_Task requirements:_
Every record needs to be restated word for word.

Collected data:

[Start of section]

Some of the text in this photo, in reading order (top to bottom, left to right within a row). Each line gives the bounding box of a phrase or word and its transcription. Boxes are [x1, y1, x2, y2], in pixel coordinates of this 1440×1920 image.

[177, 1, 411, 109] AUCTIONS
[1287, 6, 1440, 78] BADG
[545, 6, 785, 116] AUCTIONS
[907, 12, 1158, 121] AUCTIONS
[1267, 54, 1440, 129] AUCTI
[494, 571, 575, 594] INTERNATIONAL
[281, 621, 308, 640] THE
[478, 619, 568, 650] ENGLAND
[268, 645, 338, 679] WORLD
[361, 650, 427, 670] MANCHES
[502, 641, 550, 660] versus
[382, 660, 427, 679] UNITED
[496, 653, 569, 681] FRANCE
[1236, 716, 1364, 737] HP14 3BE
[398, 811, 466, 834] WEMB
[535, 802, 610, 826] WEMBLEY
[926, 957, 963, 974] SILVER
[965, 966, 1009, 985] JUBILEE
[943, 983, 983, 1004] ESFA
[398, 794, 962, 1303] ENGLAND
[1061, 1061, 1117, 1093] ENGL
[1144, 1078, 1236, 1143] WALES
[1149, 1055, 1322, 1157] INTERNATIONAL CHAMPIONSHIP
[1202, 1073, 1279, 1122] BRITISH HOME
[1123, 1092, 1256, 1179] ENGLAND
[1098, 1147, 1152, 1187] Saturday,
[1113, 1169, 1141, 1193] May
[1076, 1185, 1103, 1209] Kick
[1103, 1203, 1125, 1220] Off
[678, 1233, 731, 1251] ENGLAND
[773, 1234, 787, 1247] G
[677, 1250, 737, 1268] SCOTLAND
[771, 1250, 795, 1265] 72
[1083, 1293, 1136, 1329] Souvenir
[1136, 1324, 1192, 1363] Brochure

[End of section]

_Output of the exercise:_
Some of the text in this photo, in reading order (top to bottom, left to right within a row). Each line gives the bounding box of a phrase or word and its transcription. Boxes are [x1, y1, x2, y2], in pixel coordinates of this 1440×1920 image.

[177, 1, 411, 109] AUCTIONS
[1287, 6, 1440, 78] BADG
[545, 6, 785, 116] AUCTIONS
[907, 12, 1158, 121] AUCTIONS
[1267, 54, 1440, 129] AUCTI
[494, 571, 575, 594] INTERNATIONAL
[281, 621, 308, 640] THE
[478, 619, 568, 650] ENGLAND
[268, 645, 338, 679] WORLD
[361, 650, 427, 670] MANCHES
[502, 641, 550, 660] versus
[382, 660, 427, 679] UNITED
[496, 653, 569, 681] FRANCE
[1236, 716, 1364, 737] HP14 3BE
[398, 811, 466, 834] WEMB
[535, 802, 610, 826] WEMBLEY
[926, 957, 963, 974] SILVER
[965, 966, 1009, 985] JUBILEE
[943, 983, 983, 1004] ESFA
[398, 794, 962, 1303] ENGLAND
[1061, 1061, 1117, 1093] ENGL
[1144, 1078, 1236, 1143] WALES
[1149, 1055, 1322, 1157] INTERNATIONAL CHAMPIONSHIP
[1202, 1073, 1279, 1122] BRITISH HOME
[1123, 1092, 1256, 1179] ENGLAND
[1098, 1147, 1152, 1187] Saturday,
[1113, 1169, 1141, 1193] May
[1076, 1185, 1103, 1209] Kick
[1103, 1203, 1125, 1220] Off
[678, 1233, 731, 1251] ENGLAND
[773, 1234, 787, 1247] G
[677, 1250, 737, 1268] SCOTLAND
[771, 1250, 795, 1265] 72
[1083, 1293, 1136, 1329] Souvenir
[1136, 1324, 1192, 1363] Brochure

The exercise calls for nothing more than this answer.